When I’m not writing code, I’m very involved in local policy. I’ve worked closely with representatives of Bloomington, Indiana’s municipal government on climate, transportation, and housing policy. I’ve served on government task forces and on the boards of local non-profits, including a three year term as president of the board of our local 501(c)3 affordable housing cooperative.

I’ve been dreaming about Peer Review for years. In my role as a policy advocate, I needed access to the research literature, but struggled to get it. As I pondered potential solutions to the problem of open access, the tools I used on a daily basis as a software engineer inspired the concept that became Peer Review.

I have a deep commitment to democracy, and I am as excited about the potential to build a scholar and worker governed organization around the platform as I am to build the platform.

Where Do Things Stand and Where Are They Going?

I am currently the only developer working on Peer Review full time. There are a small handful of volunteers who’ve offered part time help.

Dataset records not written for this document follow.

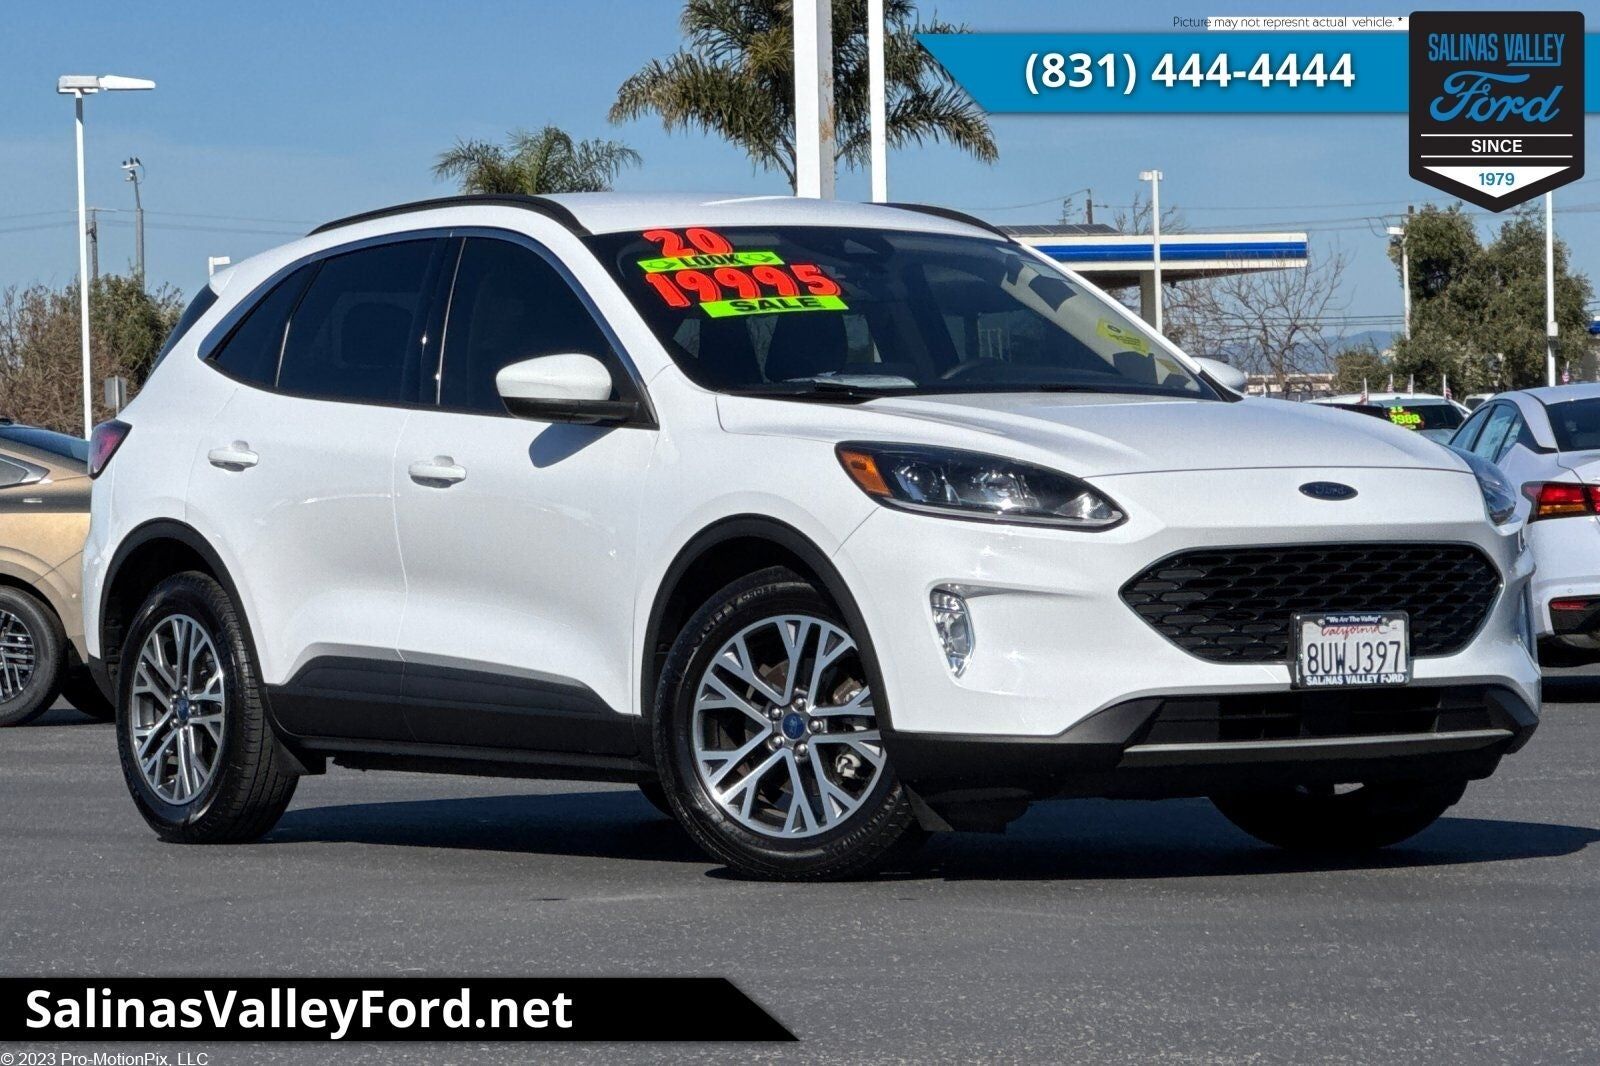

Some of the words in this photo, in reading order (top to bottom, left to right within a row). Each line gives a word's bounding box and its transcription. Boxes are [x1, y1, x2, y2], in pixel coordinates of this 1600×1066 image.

[643, 228, 733, 257] 20
[681, 254, 740, 267] LOOK
[645, 264, 841, 307] 19995
[730, 298, 822, 312] SALE
[1321, 624, 1387, 640] California
[1307, 641, 1401, 674] 8UWJ397
[1306, 675, 1343, 686] SALINAS
[1345, 674, 1378, 685] VALLEY
[1380, 673, 1404, 684] FORD

I have the alpha version of Peer Review up on a staging server. I’m looking for scientists, researchers, scholars, and academics from all disciplines who are interested in exploring the alpha and giving me feedback on the concept and where to go next.

Could this work the way I think it might? Are there things I’m not thinking of? Problems I haven’t foreseen? Aspects of the academic publishing system I am unaware of and that Peer Review doesn’t account for? Broadly speaking, am I going in the right direction?

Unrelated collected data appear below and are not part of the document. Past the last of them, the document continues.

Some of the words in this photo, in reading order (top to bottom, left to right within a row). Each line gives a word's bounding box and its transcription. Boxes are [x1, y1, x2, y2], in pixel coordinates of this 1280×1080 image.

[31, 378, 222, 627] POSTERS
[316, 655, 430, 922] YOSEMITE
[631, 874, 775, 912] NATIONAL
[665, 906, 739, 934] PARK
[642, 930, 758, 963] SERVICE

I have a roadmap of features I need to put in place before we can begin a closed beta, and a significant amount of hardening and bug fixing to do as well. I hope to reach a closed beta in the next couple months. I’m also soliciting sign ups for the closed beta. Peer Review will only be as good as the community that forms around it, so - if the direction I’m exploring does indeed hold promise - I’m hoping we can start building that community now.

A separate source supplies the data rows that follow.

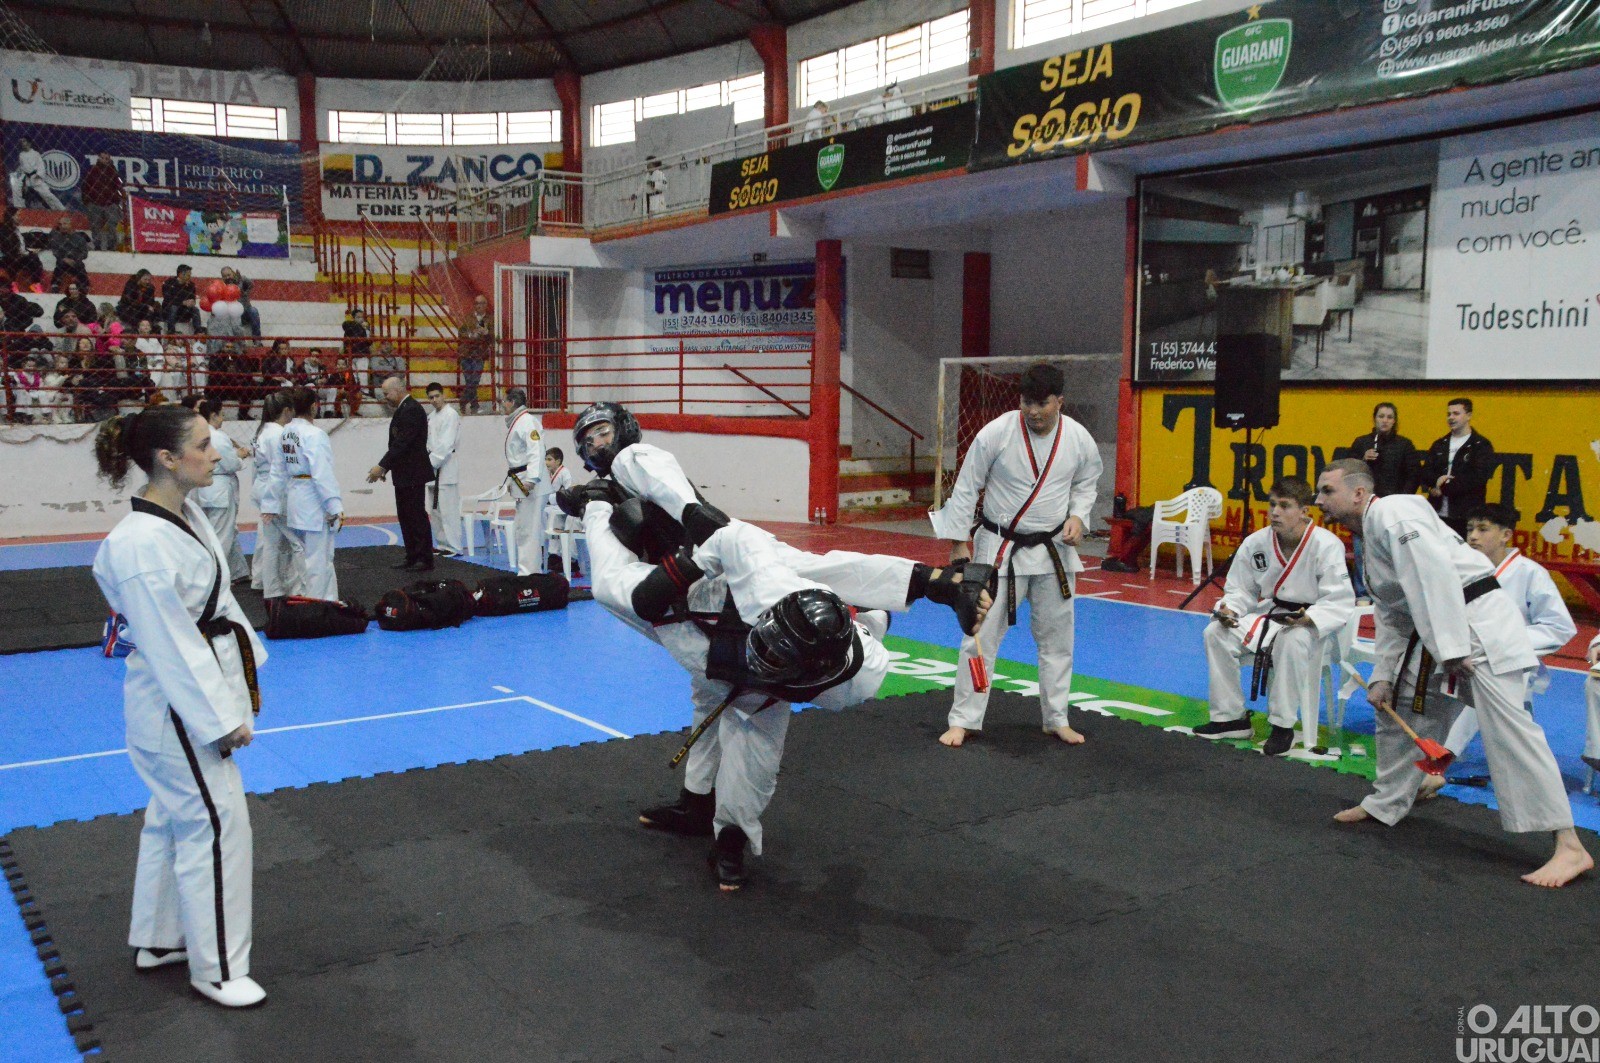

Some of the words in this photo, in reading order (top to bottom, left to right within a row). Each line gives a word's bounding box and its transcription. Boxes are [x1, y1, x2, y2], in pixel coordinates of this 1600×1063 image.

[1222, 36, 1285, 70] GUARANI
[1425, 31, 1434, 44] 9
[1040, 44, 1114, 92] SEJA
[1007, 92, 1142, 158] SÓCIO
[355, 153, 392, 184] D.
[406, 152, 543, 185] ZANCO
[741, 154, 769, 177] SEJA
[1464, 157, 1485, 183] A
[1490, 150, 1563, 187] gente
[1570, 147, 1600, 170] an
[329, 185, 419, 201] MATERIAIS
[729, 177, 779, 210] SÓCIO
[1461, 187, 1540, 219] mudar
[356, 203, 405, 217] FONE
[1456, 233, 1512, 254] com
[1518, 219, 1587, 249] você.
[682, 315, 708, 327] 3744
[710, 313, 737, 326] 1406
[1456, 298, 1590, 331] Todeschini
[1151, 342, 1159, 354] T.
[1161, 341, 1178, 357] (55)
[1180, 341, 1205, 354] 3744
[1151, 357, 1194, 370] Frederico

After the closed beta period I intend to do an open beta, where the platform is opened to any who would like to use it (while still understanding that it is not completely finished or polished).

You can view the roadmap on GitHub. If you’re unfamiliar with the process of software development, please keep in mind that the roadmap is a very rough estimate and that it is constantly in flux.

I’m also looking for feedback on that roadmap, are there features which aren’t currently included that should be considered for the closed beta? For the open beta?

If you’re interested in exploring the alpha and giving feedback, want to participate in the closed beta, or want to be notified when we reach open beta, please fill out this form! You can also use that form to give feedback on the initial concept with out signing up for anything.

If you think I’m on to something and you want to see Peer Review grow, please consider supporting the development effort! Right now my family (my wife, my daughter, and I) are living on savings. I’m hoping to raise enough through donations to be able to commit to working on it full time, indefinitely.

I need to raise $8000 / month to make that commitment: $5500 of monthly living expenses, $1500 to cover health care, and $1000 to cover the initial cloud infrastructure costs for site hosting.

You can support me on GitHub Sponsors. You’ll need to make a GitHub Account, but it’s free.

If we successfully raise that much, I will form the non-profit. If we raise substantially more than that I will hire additional engineers, designers, product managers, devops, and QE to help with development. I will also be pursuing grant funding once we reach the closed beta period. Any leads in that direction would be much appreciated.